Databricks Community

param_sen · ‎11-24-2023

I am utilizing the Databricks autoloader to ingest files from Google Cloud Storage (GCS) into Delta tables in the bronze layer of a Medallion architecture. According to lakehouse principles, the bronze layer should store raw data

Hi dear community,

I am utilizing the Databricks autoloader to ingest files from Google Cloud Storage (GCS) into Delta tables in the bronze layer of a Medallion architecture. According to lakehouse principles, the bronze layer should store raw data with minimal transformation. I have a scenario where the incoming file has columns in camelCase, but the corresponding table in the silver layer uses snake_case for column names. Should I maintain the camelCase column names in the bronze layer, or is it advisable to rename them to align with the snake_case convention in the silver layer?

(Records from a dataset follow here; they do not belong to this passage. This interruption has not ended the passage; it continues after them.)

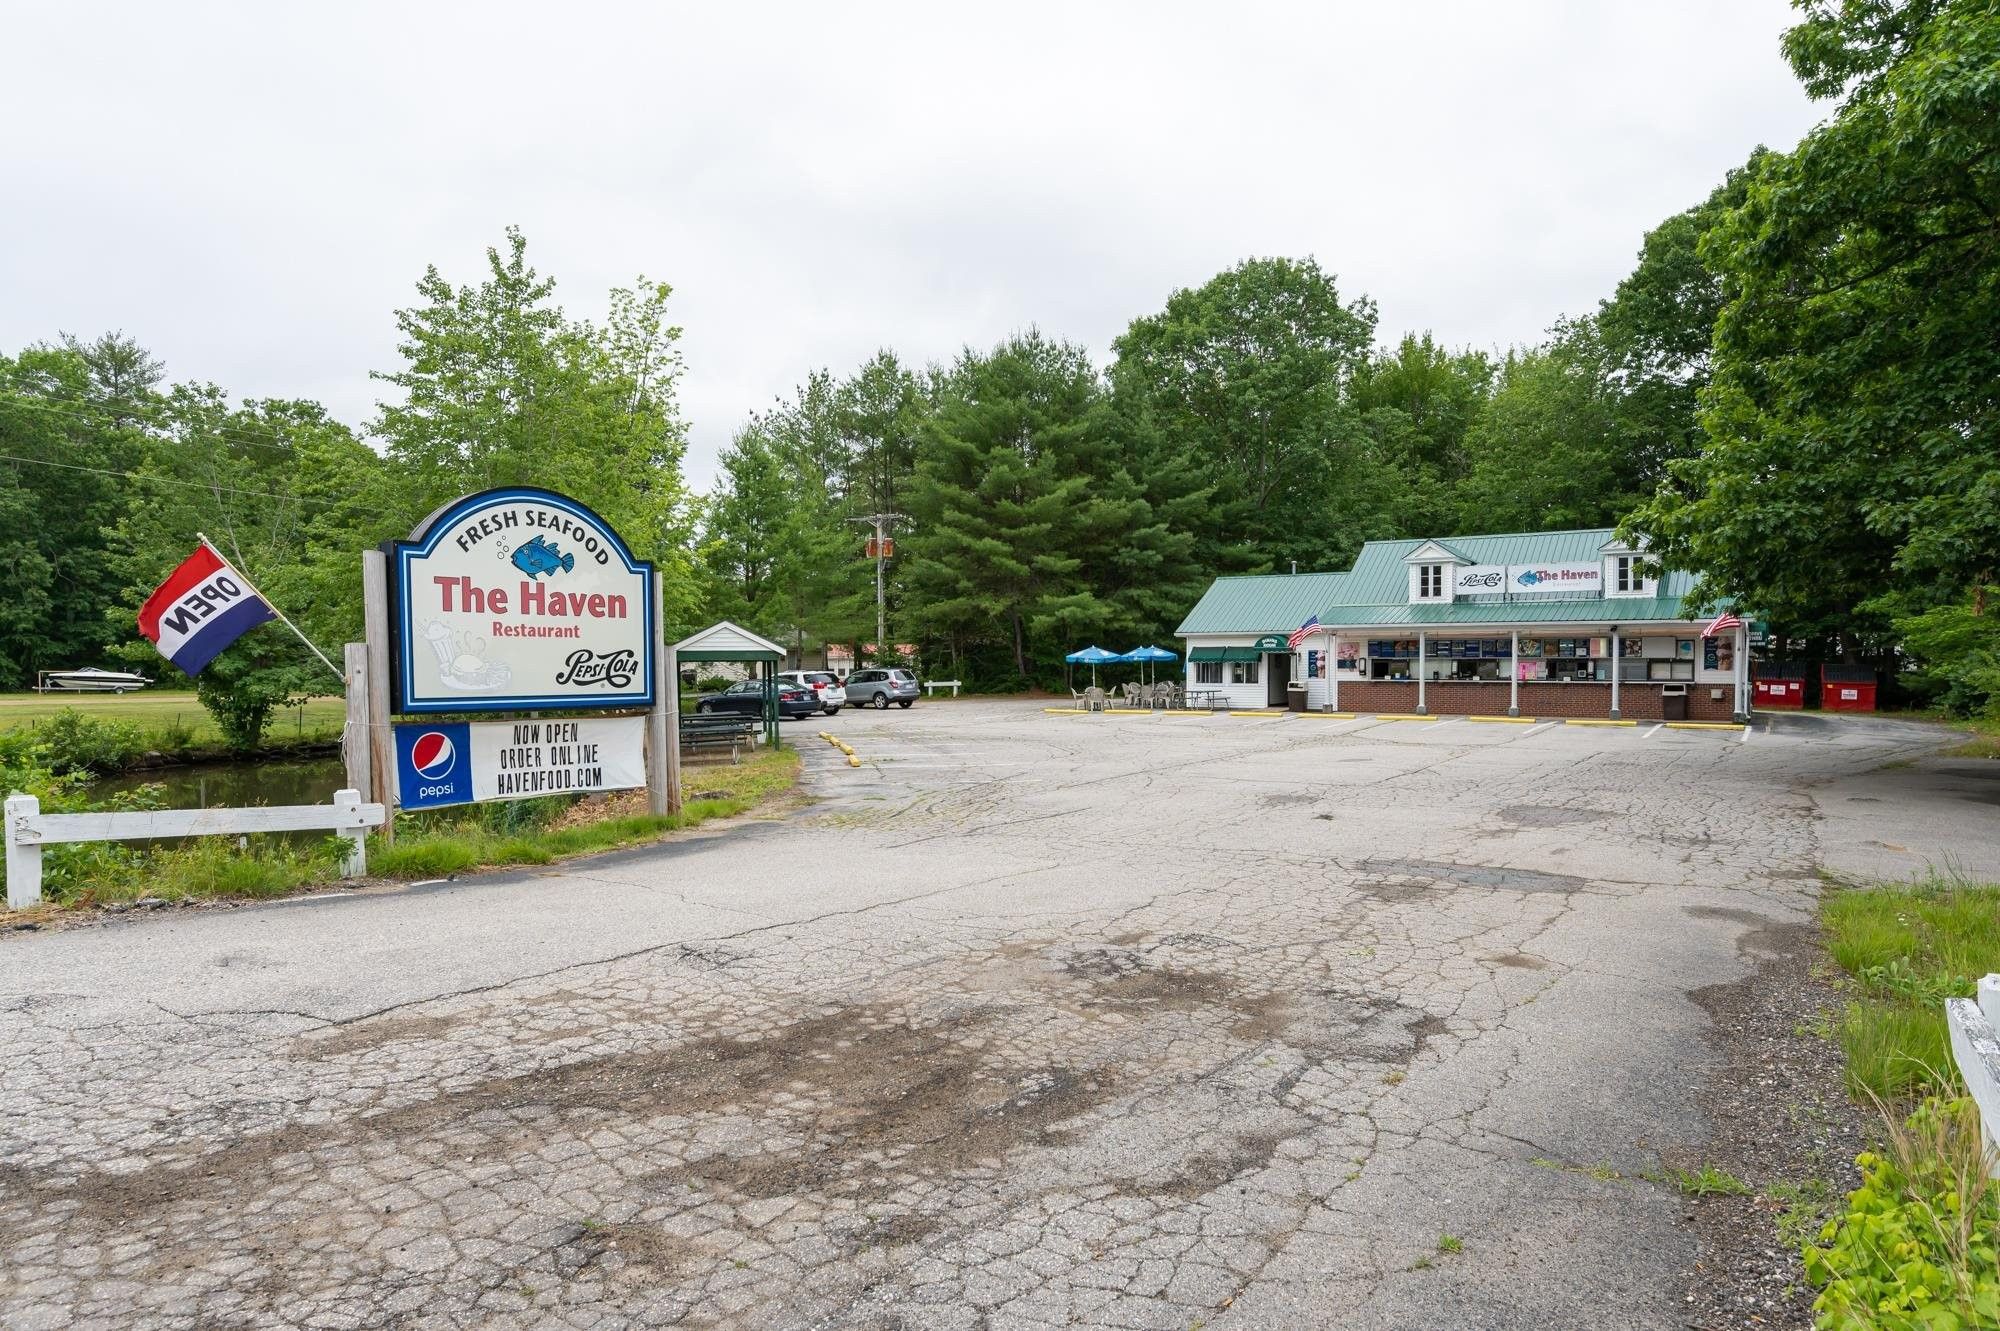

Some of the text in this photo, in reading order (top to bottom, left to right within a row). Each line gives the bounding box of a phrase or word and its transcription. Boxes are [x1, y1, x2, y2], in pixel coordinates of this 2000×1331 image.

[456, 510, 609, 565] FRESH SEAFOOD
[1536, 569, 1598, 580] The Haven
[434, 576, 627, 618] The Haven
[492, 621, 580, 638] Restaurant
[514, 723, 578, 745] NOW OPEN
[500, 744, 598, 769] ORDER ONLINE
[419, 782, 454, 798] pepsi
[498, 767, 602, 794] HAVENFOOD.COM

Here are some considerations:

Consistency: Maintaining consistency in naming conventions across layers can make it easier for teams to work with the data. If your silver layer uses snake_case, you might choose to rename the columns in the bronze layer for consistency.
Downstream Processing: If downstream processes or tools expect a specific naming convention, it may be more convenient to align the bronze layer with those expectations.
Documentation: If you decide to keep the camelCase names in the bronze layer, make sure to document this decision clearly. This documentation should be easily accessible to anyone who works with or analyzes the data.
Transformation at Silver Layer: If your data transformation processes are well-defined and centralized, you might prefer to handle the column renaming during the transformation from bronze to silver. This way, the bronze layer remains a true representation of the raw data, and transformations are applied as needed in subsequent layers.

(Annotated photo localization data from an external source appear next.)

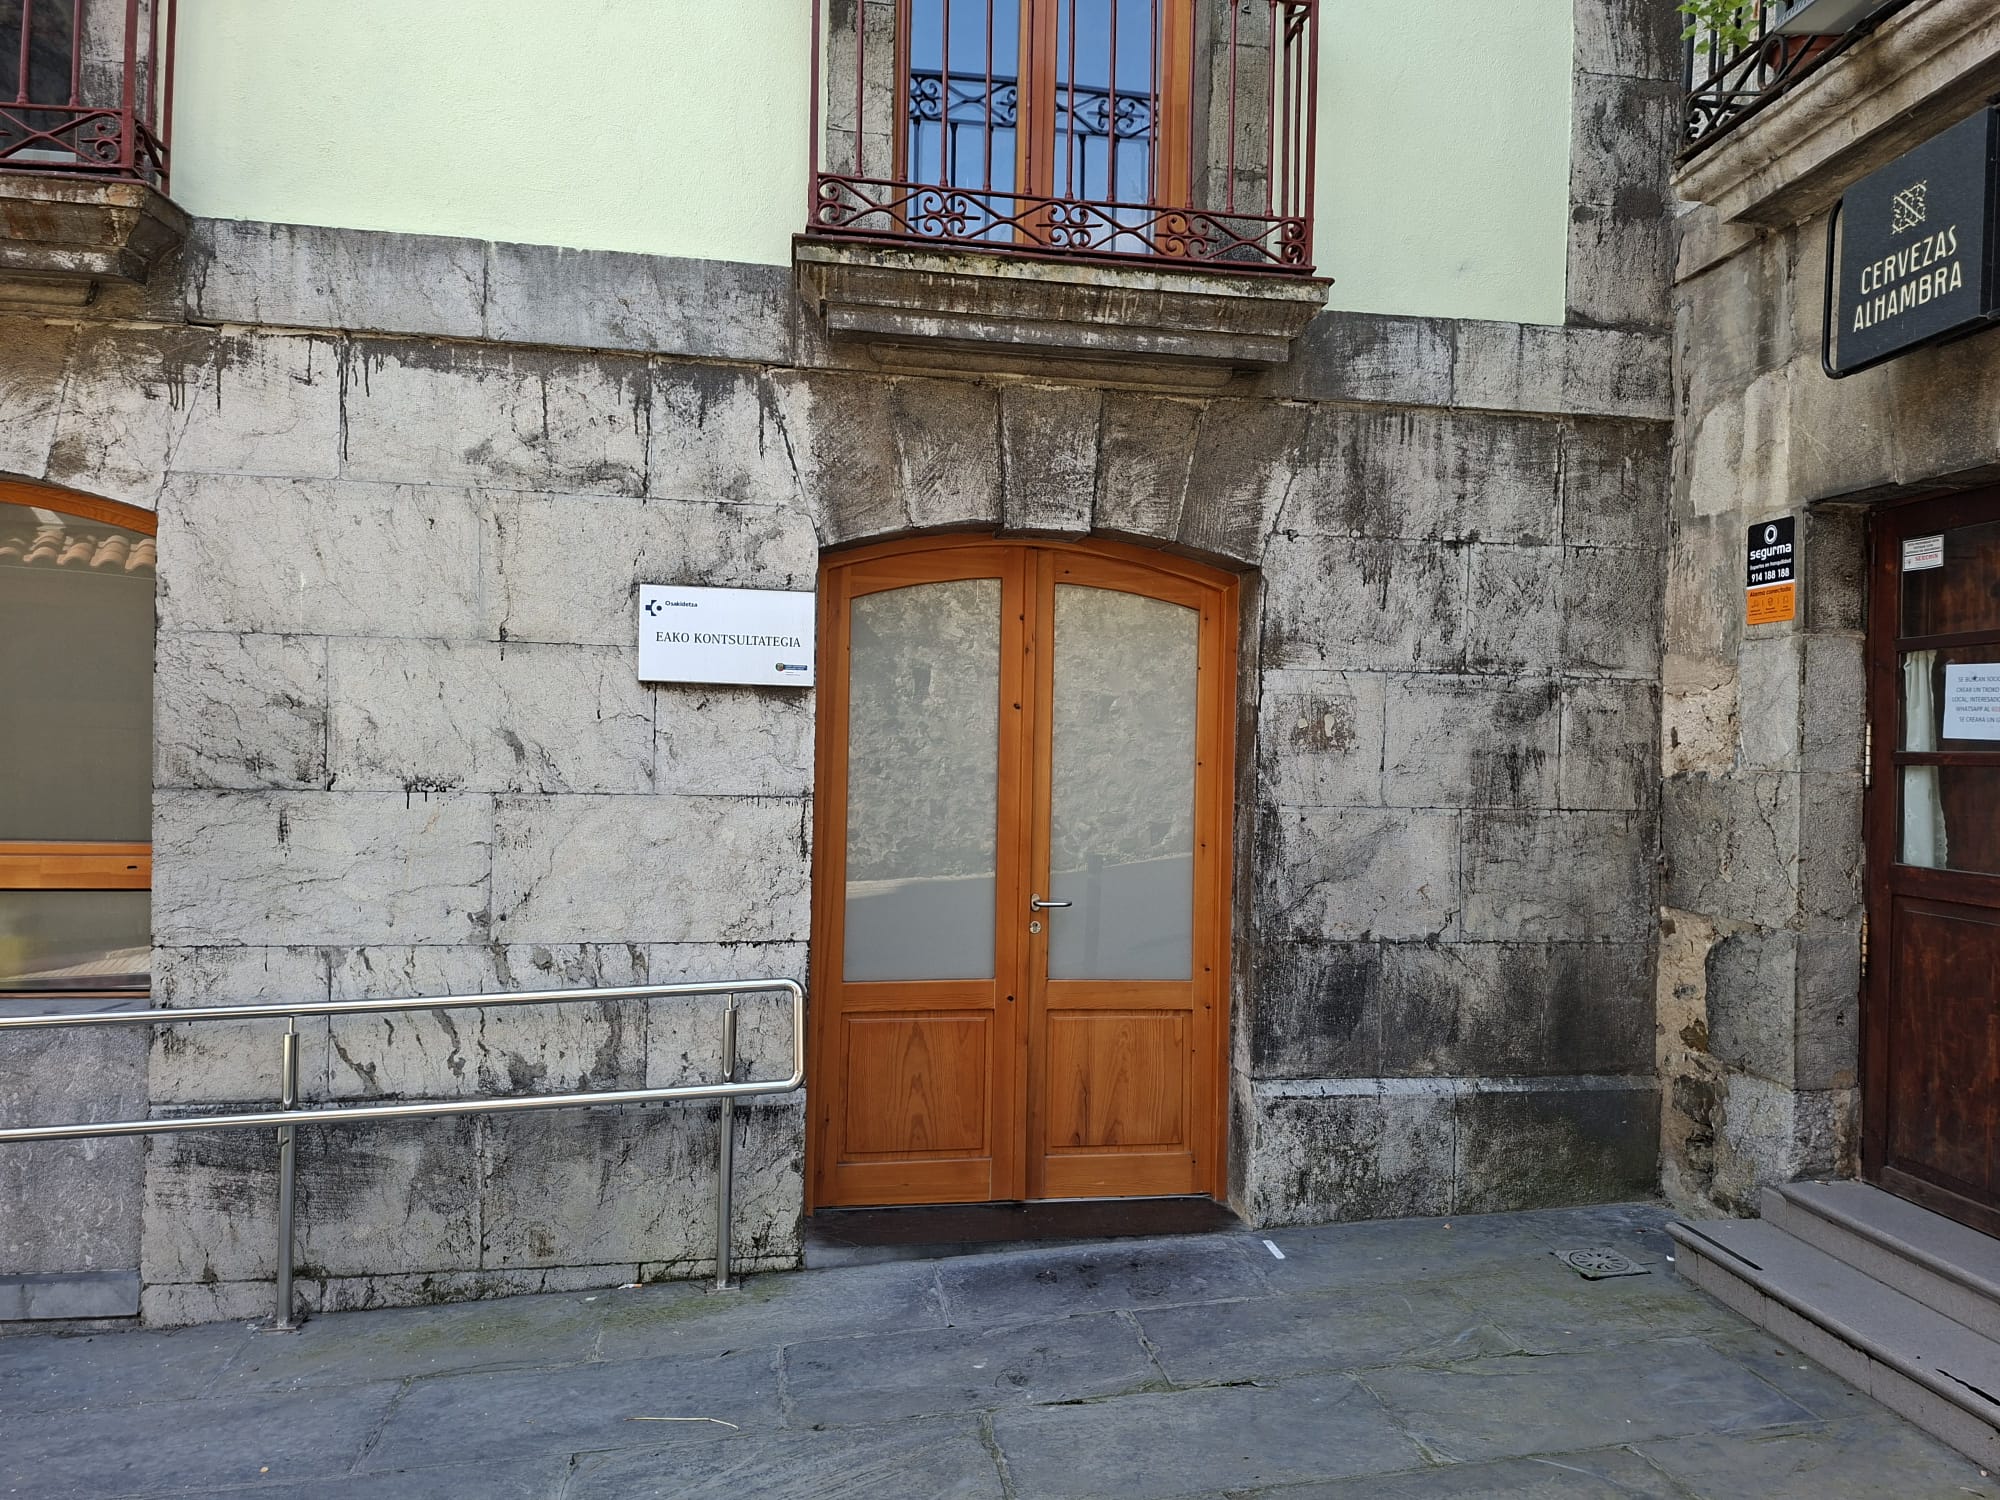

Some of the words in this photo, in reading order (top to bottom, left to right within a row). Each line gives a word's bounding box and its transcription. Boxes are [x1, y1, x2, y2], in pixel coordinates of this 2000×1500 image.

[1861, 224, 1957, 295] CERVEZAS
[1853, 260, 1962, 332] ALHAMBRA
[1750, 543, 1792, 561] segurma
[1751, 572, 1763, 583] 914
[665, 600, 698, 608] Osakidetza
[656, 631, 690, 643] EAKO
[694, 633, 801, 648] KONTSULTATEGIA

So I am asking for opinion/suggestions/best practices from this community as I am new in this . Looking forward to your support.

Regards,

param_sen

Dribka · ‎11-24-2023

Hey @param_sen ,

Navigating the nuances of naming conventions, especially when dealing with different layers in a lakehouse architecture, can be a bit of a puzzle. Your considerations are on point. If consistency across layers is a priority and downstream processes or tools are accustomed to snake_case, renaming the columns in the bronze layer might streamline things. Documenting this decision is key, ensuring anyone interacting with the data is on the same page. On the flip side, if the camelCase in the bronze layer aligns with raw data principles and you have well-defined transformation processes in the silver layer, handling the renaming there could maintain the integrity of the raw data. It boils down to balancing consistency, downstream expectations, and the principles of each layer. Best practices can vary, so it might be worth exploring what feels most natural for your specific use case. Cheers!